Find all lines that contain at least X characters, sorted in similarity.

Question

Find all lines that contain at least X characters, sorted in similarity.

I am working on a project that has the names of various drugs. Often I find something like Proscratinol and Proscratinol XR (extended release). I would like to find a request to pick up all the names of this nature so that I can put the “parent” drug in the table, and these “baby” drugs reference it, so when I write a request for counting the number of drugs, I'm not double Proscratinol account because it has XR, CR and any other version. I wrote the following to strike him.

;with x as ( select drug_name from rx group by drug_name ) select distinct * from x,x as x2 where LEFT(x2.drug_name,5) = LEFT(x.drug_name,5) and x.drug_name !=x2.drug_name

This will give me a list of all drugs whose names have the first five letters. Five is completely arbitrary. What I have so far is good enough, but I would like to order the results in a downward similarity. Therefore, I would like their X-most characters read on the left to be the same.

eg.

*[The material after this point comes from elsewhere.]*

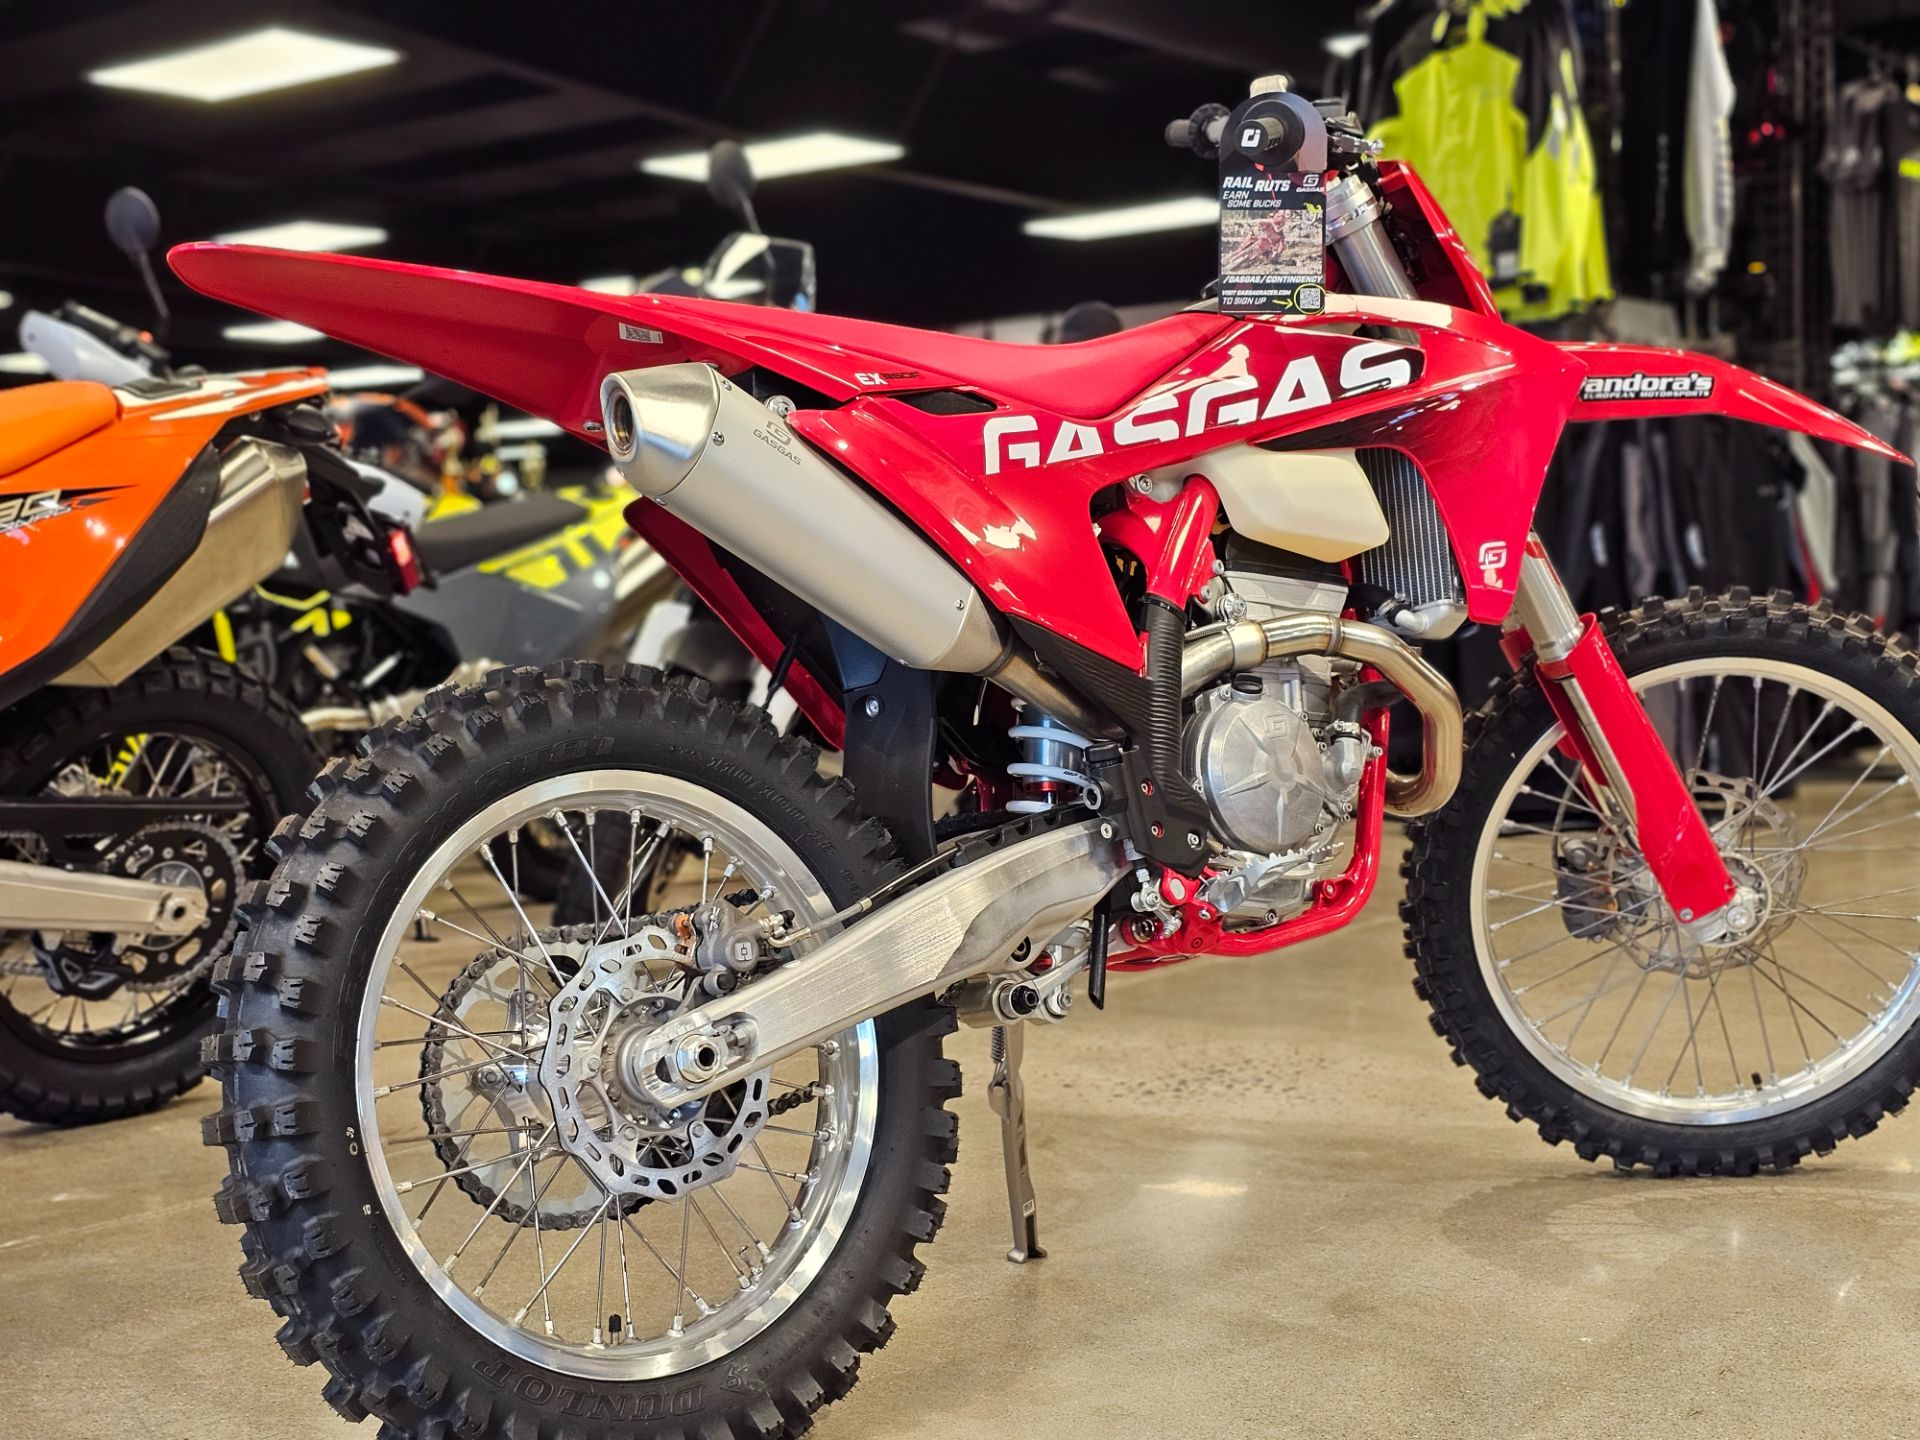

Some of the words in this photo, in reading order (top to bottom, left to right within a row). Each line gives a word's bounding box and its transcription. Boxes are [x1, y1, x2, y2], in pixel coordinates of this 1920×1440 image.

Phenytoin and Felip will be 3 (their first three letters are the same)

with x in the form (select drug_name from rx group by drug_name)

 select x.drug_name as xDrugName ,x2.drug_name as x2DrugName ,case when LEFT(x2.drug_name,6) = LEFT(x.drug_name,6) then LEN(left(x.drug_name,6)) else '0' end from x,x as x2 where LEFT(x2.drug_name,5) = LEFT(x.drug_name,5) and x.drug_name !=x2.drug_name group by x.drug_name,x2.drug_name

Instead of hard coding the int to the left function in the above query, I need this integer expression to return how many identical characters separated the two lines. Any good way to do this?

+4

string sql sql-server sql-server-2008

wootscootinboogie Mar 20 '13 at 15:01

source share

2 answers

you need the longest overall sequence. here is the SQL server implementation:

select dbo.lcs (@ string1, @ string2), len (@ string1), len (@ string2)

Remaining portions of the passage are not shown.